The E minor Sonata, as mentioned, is possibly the more controversial performance of the two. Ma and Ax set a slow basic pulse for the first movement that is definitely observes the non troppo rather than allegro marking, bringing out a sense of gravity and unease rather than impassioned romanticism. The second subject could have had a touch more fiery contrast (track 1, 2’11), but with exposition repeat observed, the overall impression here is of weighty, brooding intensity. Nothing wrong with that, but the second movement’s quasi Menuetto marking seems also to be largely ignored, so that a dance-like feeling is replaced with a droll charm. I like the atmosphere of the Trio section, where Ax tries to literally follow Brahms’s col ped marking throughout, creating a nice sense of lonely, otherworldliness. Luckily for the shape of the whole work, the fugal finale is invested with plenty of imperious grandeur. The two players, especially Ma, are not afraid to play around with phrasing and rubato, but the slow-ish basic pulse allows plenty of subtle detail to emerge, as well as allowing for a proper presto coda that is not too breathless.

The much later F major Sonata gets a strong, boldly characterised reading. The opening may not sweep you off your feet, mainly due to Ax’s pedalling (or lack of it) but his observance of the p marking in his part correctly allows the cello to dominate. Ma’s rich, upholstered tone is a great joy, and the typically Brahmsian ‘purple passage’ at 5’07 (track 4) is wonderfully shaded by the cellist. The closing passage (try around 8’42) is whisper-quiet in its delicacy, and all the more moving for it. The slow movement is almost wholly successful with pacing, phrasing and intonation spot on, especially the difficult cello pizzicatos. The amiable, good-natured finale is again unhurried (properly so), with these two great players in perfect accord, Ax in particular supporting his partner with playing of translucent beauty.

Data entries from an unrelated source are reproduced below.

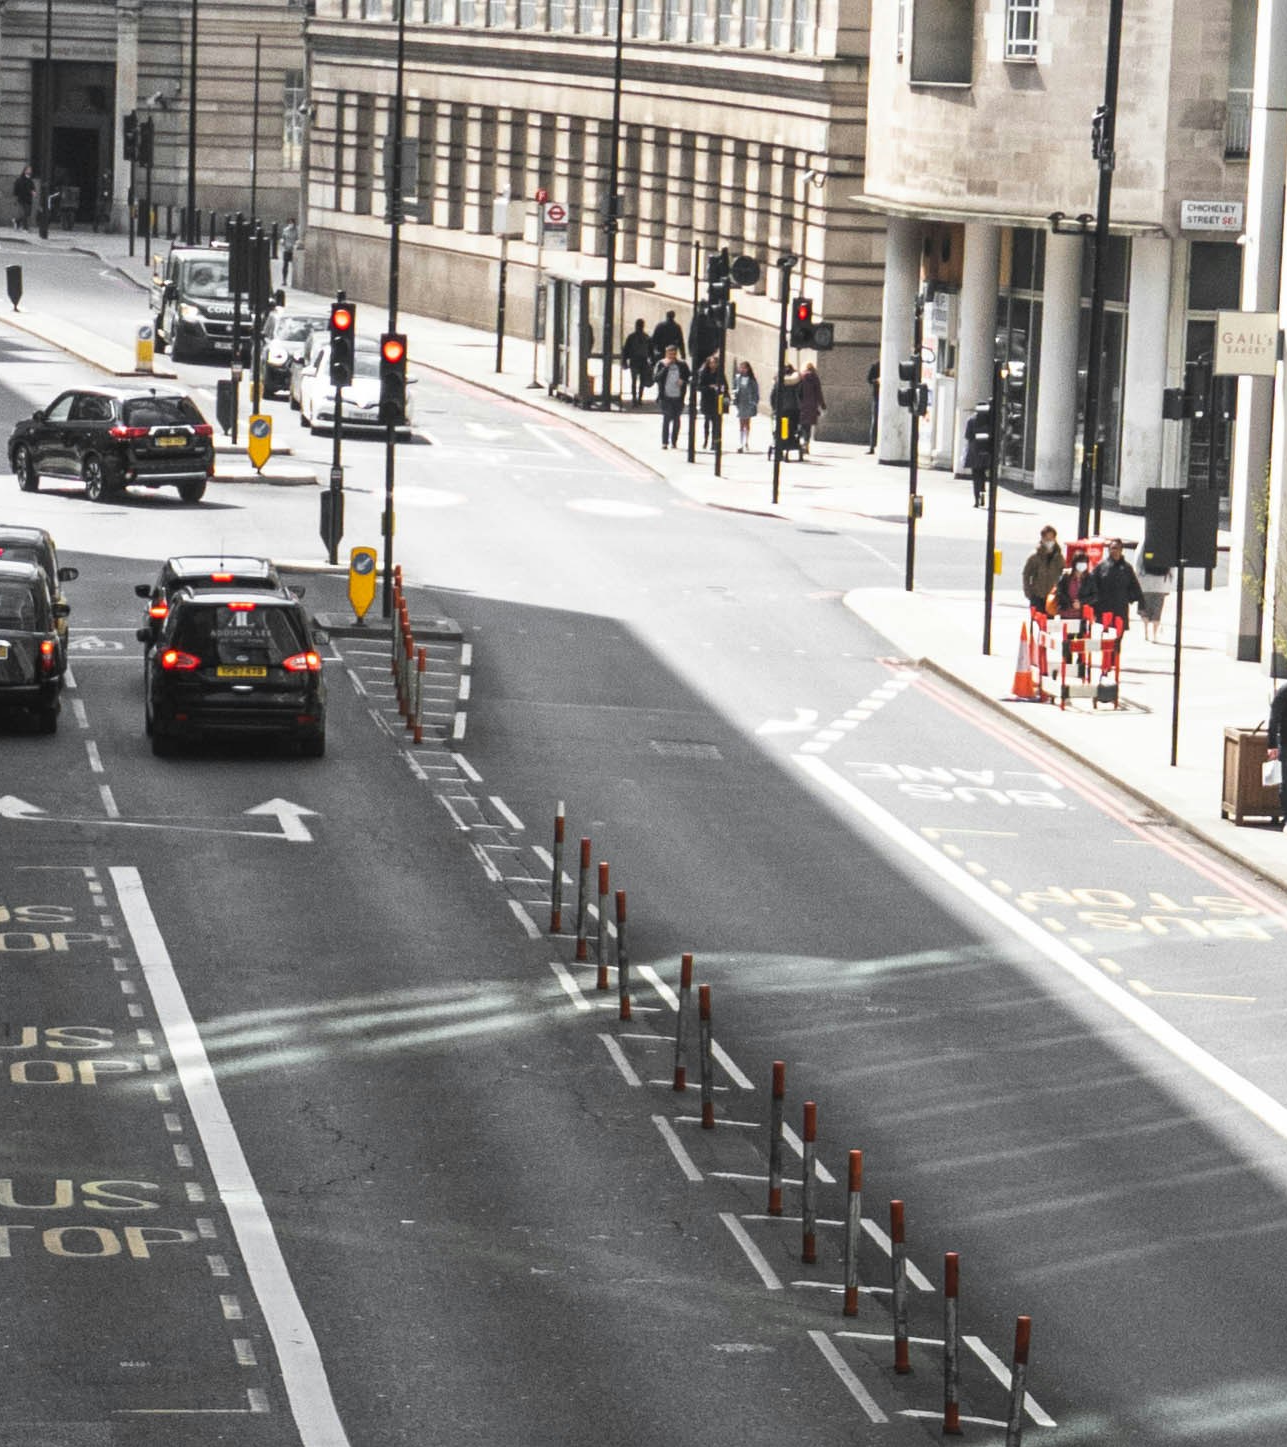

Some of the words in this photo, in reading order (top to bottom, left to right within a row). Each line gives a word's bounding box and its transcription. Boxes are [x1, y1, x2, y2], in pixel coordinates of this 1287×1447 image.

[1187, 204, 1236, 214] CHICHELEY
[1186, 215, 1219, 225] STREET
[1223, 332, 1274, 346] GAIL's
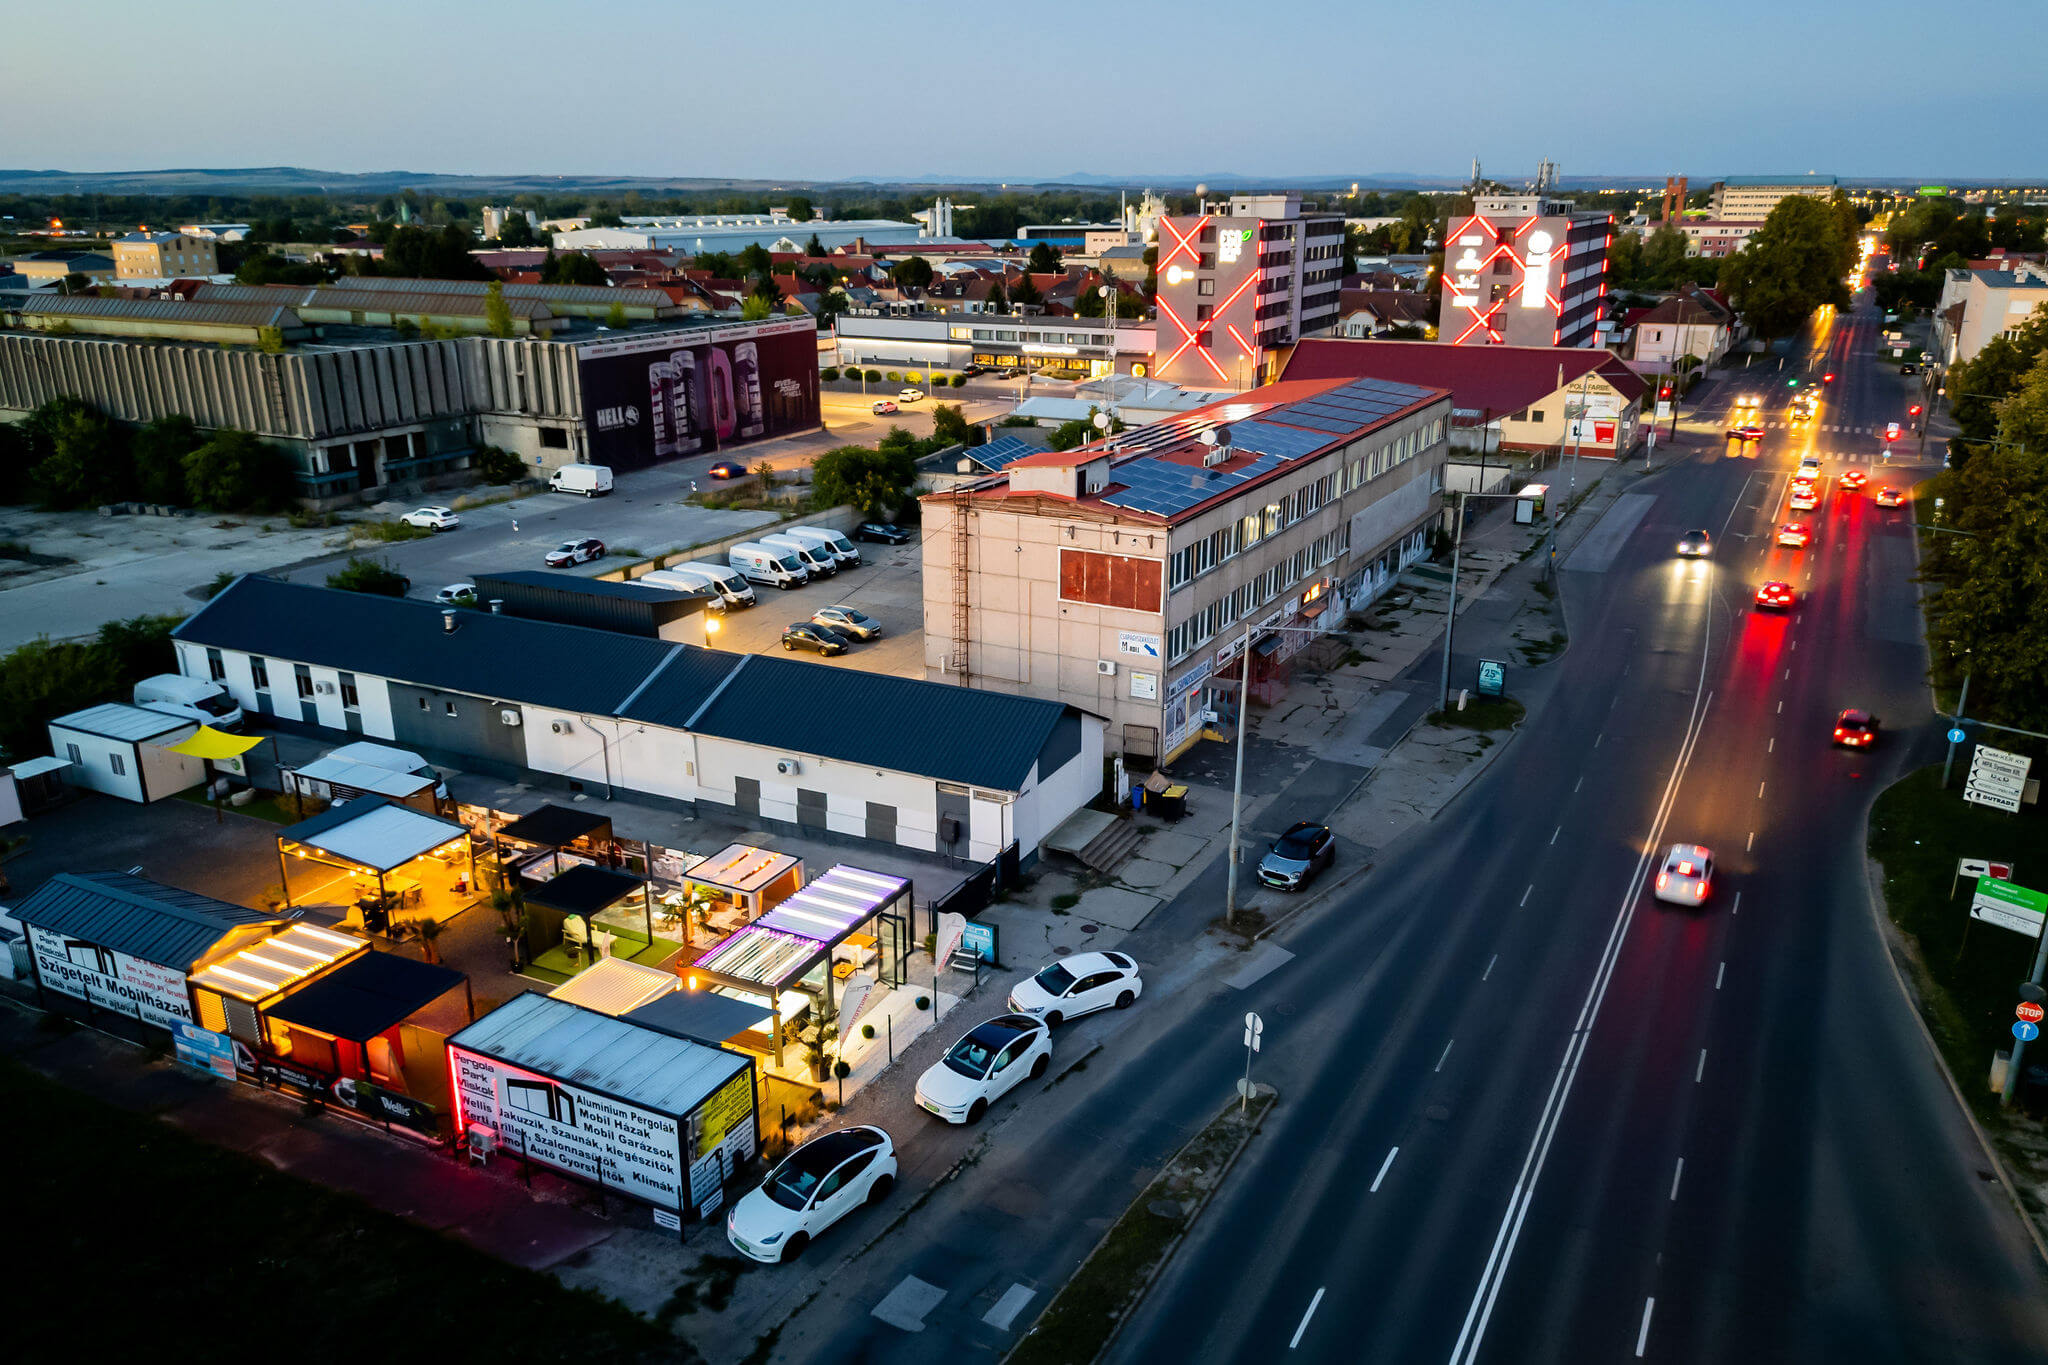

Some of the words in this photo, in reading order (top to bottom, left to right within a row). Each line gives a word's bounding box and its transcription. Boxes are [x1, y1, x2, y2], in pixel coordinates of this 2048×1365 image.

[673, 382, 688, 435] HELL
[747, 371, 762, 419] HELL
[596, 406, 624, 428] HELL
[652, 390, 666, 440] HELL
[39, 934, 58, 947] Park
[39, 956, 102, 989] Szigetelt
[106, 978, 192, 1020] Mobilházak
[2018, 1006, 2042, 1018] STOP
[453, 1052, 494, 1073] Pergola
[462, 1068, 488, 1083] Park
[381, 1096, 411, 1117] Wellis
[463, 1108, 490, 1127] Kerti
[580, 1108, 610, 1126] Mobil
[614, 1120, 651, 1140] Házak
[630, 1112, 675, 1134] Pergolák
[499, 1108, 548, 1134] Jakuzzik,
[551, 1125, 603, 1152] Szaunák,
[606, 1143, 674, 1175] kiegészítők
[584, 1122, 614, 1140] Mobil
[618, 1134, 674, 1160] Garázsok
[530, 1144, 556, 1161] Autó
[558, 1153, 626, 1185] Gyorstltők

The recorded sound is excellent, slightly favouring the piano but not to any problematic degree. There is no filler, but given that most of the competition (including these two) favour unnecessary transcriptions of the violin sonatas, this is not a particular problem. It is always worth having more than one version of staple classics like these, so you could consider this budget disc alongside other, more fleet-of-foot readings, such as Maria Kliegel (Naxos) or Steven Isserlis (Hyperion), for there’s no doubting the star quality on offer here.